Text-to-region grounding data
▬▬▬▬▬▬

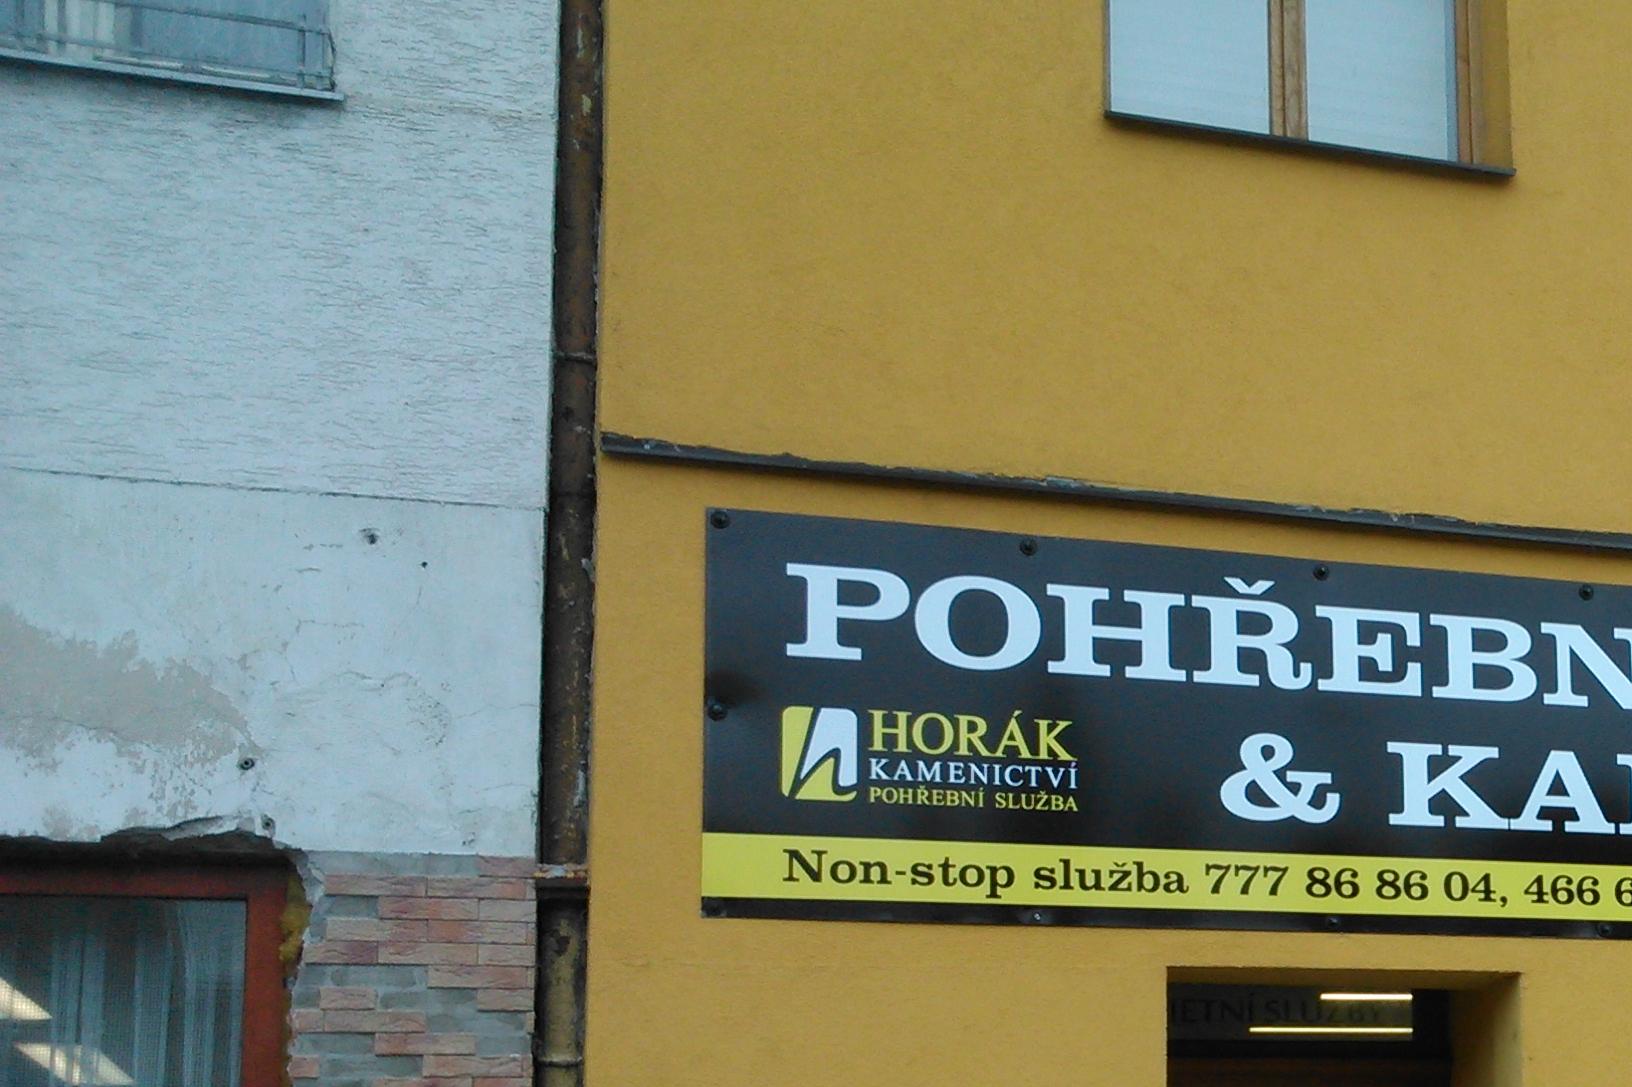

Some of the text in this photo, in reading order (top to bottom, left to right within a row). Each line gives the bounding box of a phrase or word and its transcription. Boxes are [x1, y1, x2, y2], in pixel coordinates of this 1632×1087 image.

[867, 709, 1078, 762] HORÁK
[868, 757, 1079, 789] KAMENICTVÍ
[868, 785, 1079, 812] POHŘEBNÍ SLUŽBA
[1219, 732, 1341, 824] &
[782, 849, 1016, 899] Non-stop
[1033, 858, 1189, 895] služba
[1204, 862, 1289, 896] 777
[1305, 866, 1360, 899] 86
[1375, 869, 1429, 901] 86
[1443, 871, 1509, 908] 04,
[1523, 873, 1601, 906] 466
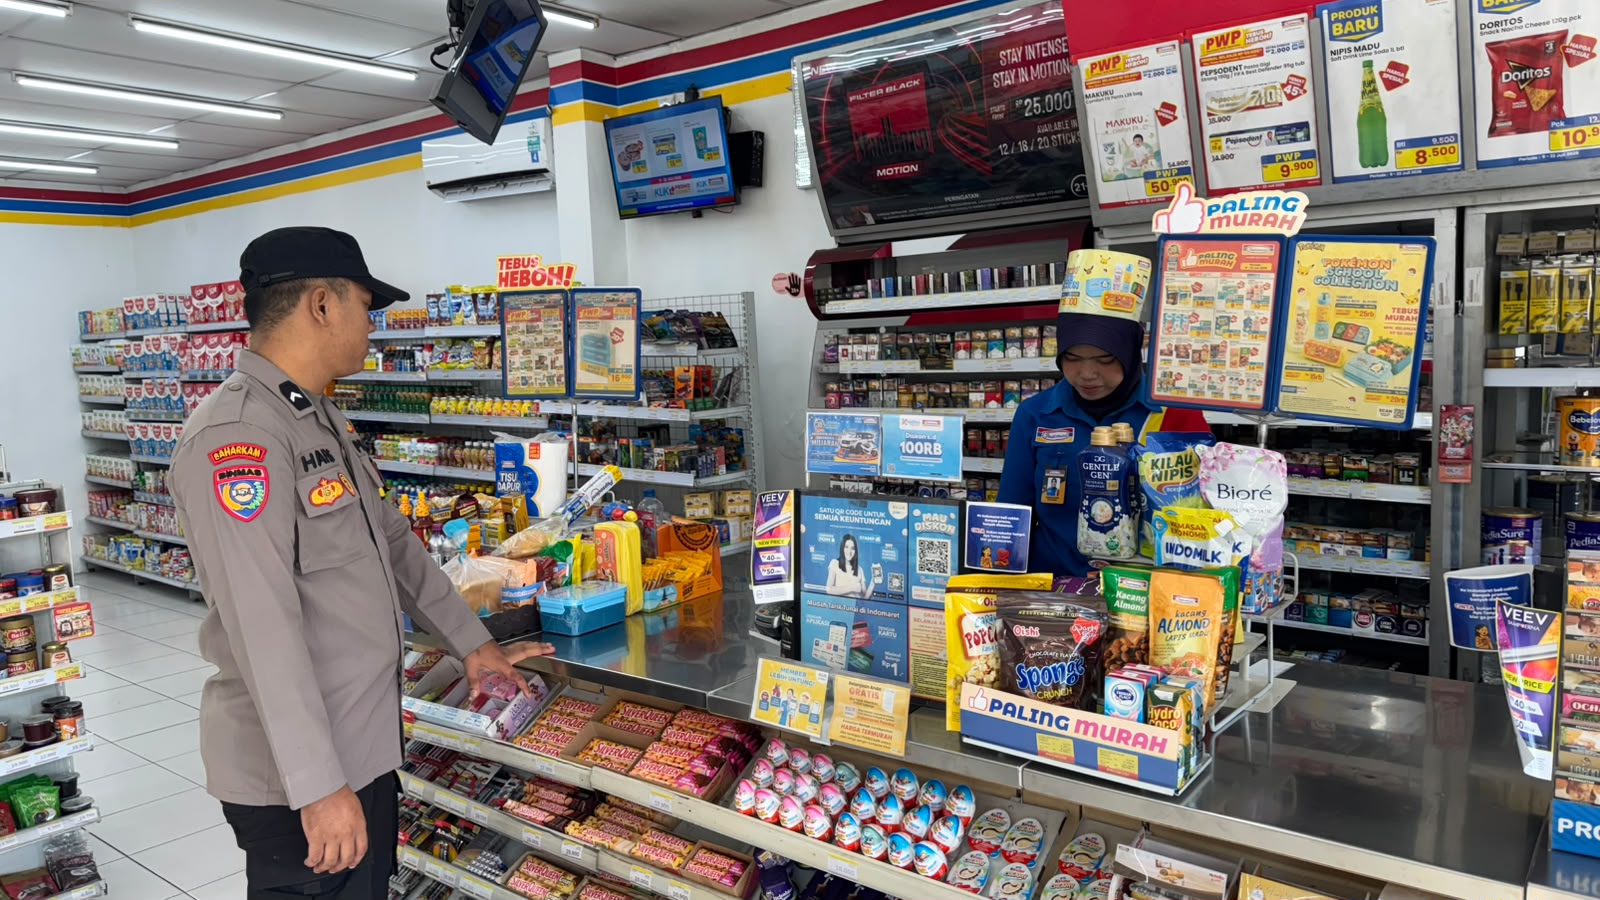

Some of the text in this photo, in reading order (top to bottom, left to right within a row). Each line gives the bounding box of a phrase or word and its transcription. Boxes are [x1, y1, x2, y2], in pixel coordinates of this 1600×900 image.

[1330, 5, 1378, 21] PRODUK
[1332, 16, 1379, 36] BARU
[1480, 16, 1524, 30] DORITOS
[1480, 14, 1582, 36] Snack Nacho Cheese 120g pck
[1206, 30, 1242, 51] PWP
[1570, 42, 1592, 52] HARGA
[999, 37, 1069, 67] STAY INTENSE
[1270, 46, 1290, 54] 2.000
[1330, 42, 1380, 56] NIPIS MADU
[1343, 52, 1358, 60] Drink
[1374, 48, 1390, 56] Soda
[1565, 48, 1590, 60] SPESIAL
[1090, 54, 1122, 74] PWP
[1200, 60, 1270, 78] PEPSODENT Pasta Gigi
[1201, 74, 1218, 82] Strong
[1246, 68, 1256, 76] Best
[1258, 64, 1282, 74] Defender
[1295, 60, 1305, 68] tub
[992, 71, 1016, 89] STAY
[1016, 70, 1030, 84] IN
[1030, 63, 1072, 82] MOTION
[1382, 72, 1404, 84] SPESIAL
[1387, 67, 1405, 78] HARGA
[1502, 66, 1552, 84] Doritos
[849, 78, 921, 102] FILTER BLACK
[1085, 89, 1115, 100] MAKUKU
[1284, 86, 1305, 96] 45%
[1036, 120, 1078, 135] AVAILABLE IN
[1106, 116, 1144, 128] MAKUKU
[1225, 134, 1262, 145] Pepsodent
[1396, 136, 1456, 148] Btl 9.500
[1562, 126, 1600, 146] 10.9
[998, 144, 1009, 156] 12
[1018, 140, 1029, 153] 18
[1037, 138, 1050, 150] 20
[1275, 152, 1302, 162] PWP
[1415, 146, 1456, 165] 8.500
[876, 164, 919, 178] MOTION
[1156, 169, 1178, 178] PWP
[1280, 161, 1314, 178] 9.900
[1206, 195, 1300, 216] PALING
[1210, 212, 1298, 231] MURAH
[1198, 252, 1236, 260] PALING
[1199, 258, 1234, 268] MURAH
[1322, 256, 1392, 270] POKÉMON
[498, 257, 538, 270] TEBUS
[498, 266, 574, 288] HEBOH!
[1326, 268, 1382, 280] SCHOOL
[1314, 275, 1398, 292] COLLECTION
[1391, 306, 1418, 315] TEBUS
[1384, 314, 1418, 322] MURAH
[1570, 416, 1600, 424] Bebelov
[214, 446, 260, 461] BAHARKAM
[900, 440, 943, 456] 100RB
[1082, 462, 1120, 472] GENTLE
[1150, 454, 1193, 470] KILAU
[500, 472, 518, 482] TISU
[1090, 471, 1111, 480] GEN
[1152, 466, 1194, 482] NIPIS
[497, 482, 520, 491] DAPUR
[1218, 483, 1273, 500] Bioré
[761, 492, 785, 503] VEEV
[819, 506, 886, 518] SATU QR CODE UNTUK
[922, 512, 948, 523] MAU
[814, 512, 892, 527] SEMUA KEUNTUNGAN
[1170, 521, 1207, 532] KEMASAN
[914, 522, 956, 536] DISKON
[1170, 528, 1208, 539] EKONOMIS
[1165, 542, 1222, 564] INDOMILK
[1116, 590, 1147, 603] Kacang
[806, 600, 900, 619] Mudah Tarik Tunai di Indomaret
[1114, 600, 1147, 612] Almond
[1175, 610, 1207, 619] kacang
[1503, 605, 1549, 626] VEEV
[1013, 624, 1040, 637] Oishi
[1158, 617, 1210, 634] ALMOND
[878, 630, 898, 639] KARTU
[964, 625, 997, 649] POPC
[1165, 633, 1187, 642] LAPIS
[1029, 650, 1058, 659] CHOCOLATE
[882, 660, 891, 669] Rp
[780, 666, 807, 678] MEMBER
[1016, 656, 1085, 694] Sponge
[770, 672, 815, 687] LEBIH UNTUNG!
[848, 687, 880, 700] GRATIS
[1036, 687, 1073, 700] CRUNCH
[622, 706, 672, 723] SILVERQUEEN
[1148, 706, 1182, 720] Hydro
[840, 724, 893, 741] HARGA TERMURAH
[988, 698, 1070, 732] PALING
[1074, 718, 1168, 754] MURAH
[664, 726, 706, 746] SILVERQUEEN
[651, 742, 693, 760] SILVERQUEEN
[640, 760, 680, 777] SILVERQUEEN
[650, 830, 688, 848] SILVERQUEEN
[640, 842, 677, 862] SILVERQUEEN
[694, 850, 732, 868] SILVERQUEEN
[524, 861, 561, 880] SILVERQUEEN
[686, 862, 723, 879] SILVERQUEEN
[510, 876, 548, 897] SILVERQUEEN

▬▬▬▬▬▬

Only one number is expected: the count of lines above that contain the string "SILVERQUEEN".

Solution for this exercise
10